6 Indomitable Fictional Women For International Women’s Day

I’m sure you know an indomitable woman. Perhaps you are one.

Literature has always been one of the greatest windows to real women in media – with the paucity of good roles for women and women of color in film and the over sexualization that permeates the music industry, women are canned and pressed and packed into roles in relation to men – the mother, the virgin, the whore.

But literature bypasses all that. We not only get a platform for a variety of women’s voices in authorship, but in characterization too.

Today I am giving you a list of Six indomitable fictional women, many who were created by indomitable women writers. I’d love for you to comment and share an indomitable fictional woman that is close to your heart.

Onward!

Olive Kitteridge from Olive Kitteridge by Elizabeth Strout: Olive herself is nasty, irrational, vulnerable, cruel, kind, indifferent, empathetic and crushingly honest. In short, she is a human being. This novel in stories deals with the solar system of people that orbits around Olive’s life, from her son to the piano player at the hotel that she and her husband frequent. The actual reading of this novel took me so long because I wanted to suck every word up.
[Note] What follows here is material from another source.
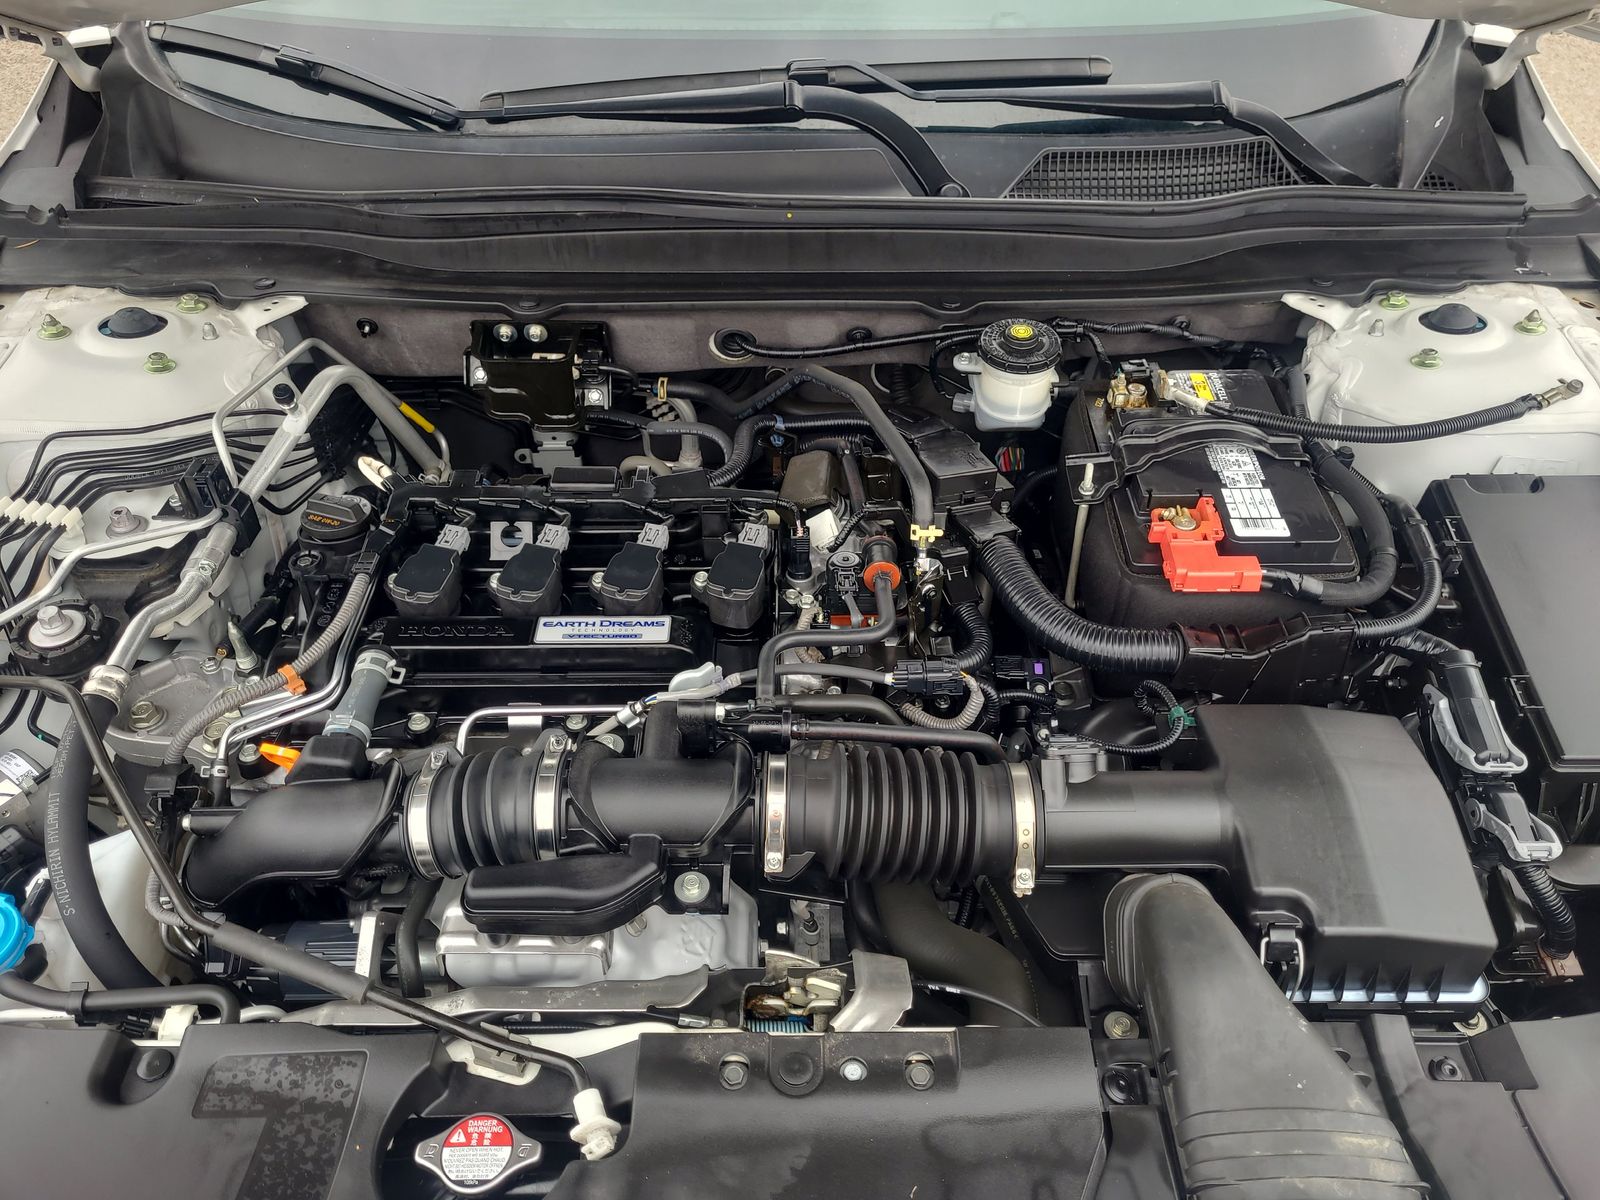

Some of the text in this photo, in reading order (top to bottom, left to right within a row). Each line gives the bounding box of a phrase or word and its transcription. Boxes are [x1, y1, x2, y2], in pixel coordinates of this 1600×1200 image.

Batsheba Everdene from Far From The Madding Crowd by Thomas Hardy: You thought I was going to go for another Everdeen, weren’t you? Hardy always writes fascinating women, but he really outdid himself with Batsheba. For somebody who is shaped by men  – from her author to her suitors to the uncle that left her a farm, Batsheba is remarkably self possessed, and allowed her flaws within the space of the narrative without being punished for it. What’s more, she is allowed her happiness.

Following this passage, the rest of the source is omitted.